▶ [GIVEN DATA]:
::::
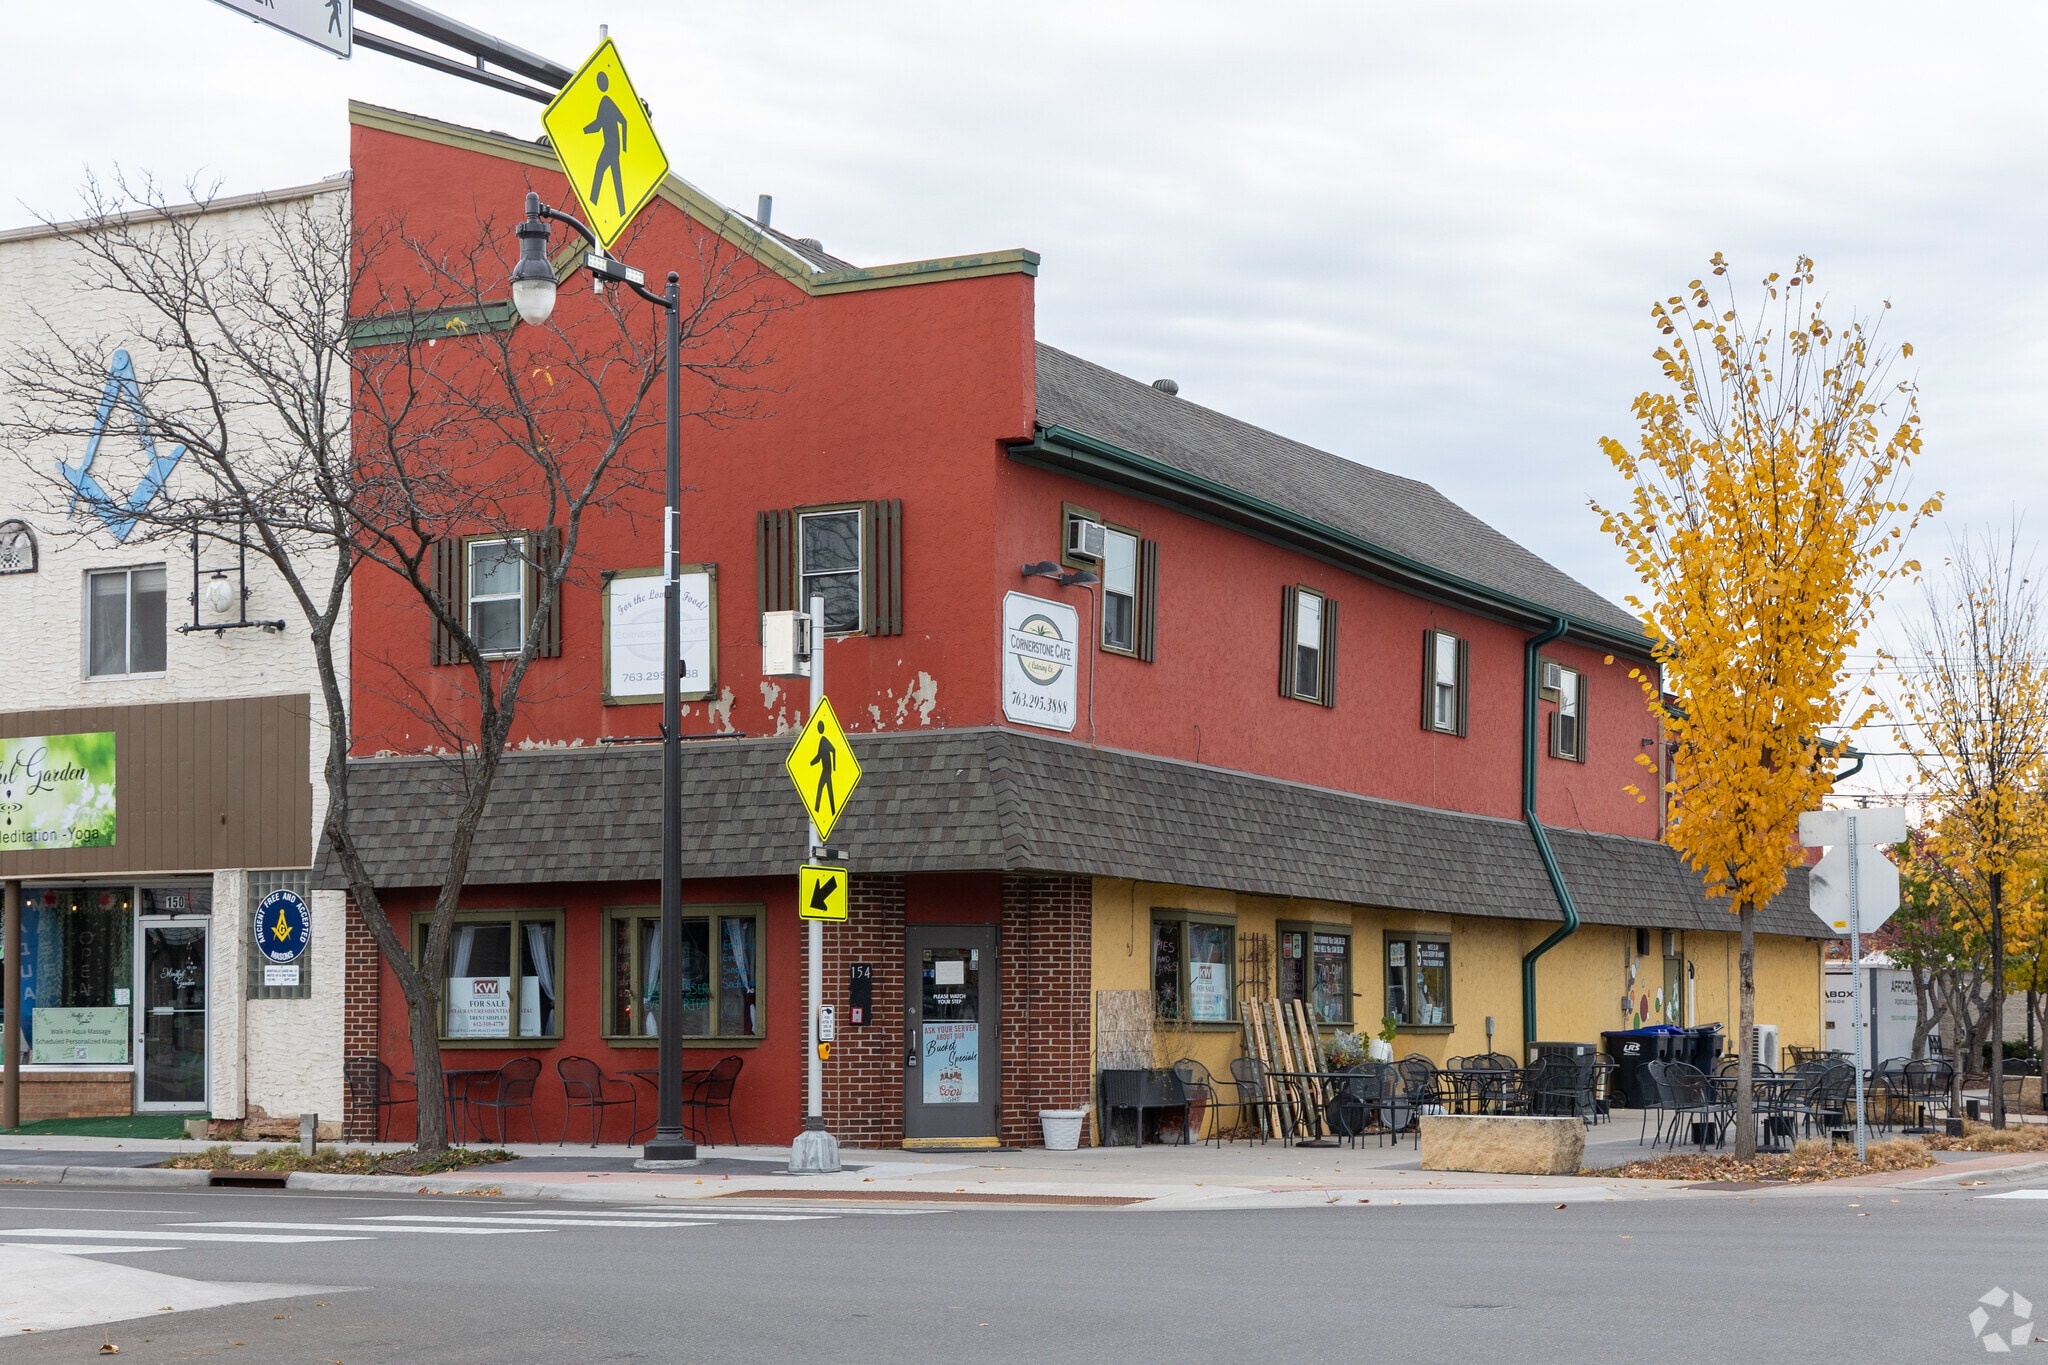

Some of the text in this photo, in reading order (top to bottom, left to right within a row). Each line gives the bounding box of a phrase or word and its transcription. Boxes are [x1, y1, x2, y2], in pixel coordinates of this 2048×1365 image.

[617, 589, 665, 615] For the Lov
[682, 592, 708, 611] Food!
[1011, 634, 1071, 661] CORNERSTONE CAFE
[1012, 691, 1068, 715] 763.295.3888
[16, 747, 88, 796] Garden
[0, 829, 57, 843] editation
[167, 896, 184, 908] 150
[257, 892, 309, 943] ANCIENT FREE AND ACCEPTED
[1156, 941, 1175, 953] PIES
[270, 950, 294, 961] MASONS
[1157, 955, 1171, 963] AND
[851, 965, 871, 979] 154
[1200, 967, 1211, 979] KW
[474, 982, 498, 993] KW
[87, 1028, 111, 1036] Massage
[924, 1024, 977, 1035] ASK YOUR SERVER
[102, 1038, 126, 1046] Massage
[954, 1032, 965, 1040] OUR
[925, 1039, 957, 1058] Bucket
[1623, 1043, 1640, 1051] LRS
[948, 1051, 978, 1067] Specials
::::
▶ [EXERCISE REQUIREMENTS]:
Everything above except the pictures needs to be reproduced exactly.

▶ [WORKED SOLUTION]:
Some of the text in this photo, in reading order (top to bottom, left to right within a row). Each line gives the bounding box of a phrase or word and its transcription. Boxes are [x1, y1, x2, y2], in pixel coordinates of this 2048×1365 image.

[617, 589, 665, 615] For the Lov
[682, 592, 708, 611] Food!
[1011, 634, 1071, 661] CORNERSTONE CAFE
[1012, 691, 1068, 715] 763.295.3888
[16, 747, 88, 796] Garden
[0, 829, 57, 843] editation
[167, 896, 184, 908] 150
[257, 892, 309, 943] ANCIENT FREE AND ACCEPTED
[1156, 941, 1175, 953] PIES
[270, 950, 294, 961] MASONS
[1157, 955, 1171, 963] AND
[851, 965, 871, 979] 154
[1200, 967, 1211, 979] KW
[474, 982, 498, 993] KW
[87, 1028, 111, 1036] Massage
[924, 1024, 977, 1035] ASK YOUR SERVER
[102, 1038, 126, 1046] Massage
[954, 1032, 965, 1040] OUR
[925, 1039, 957, 1058] Bucket
[1623, 1043, 1640, 1051] LRS
[948, 1051, 978, 1067] Specials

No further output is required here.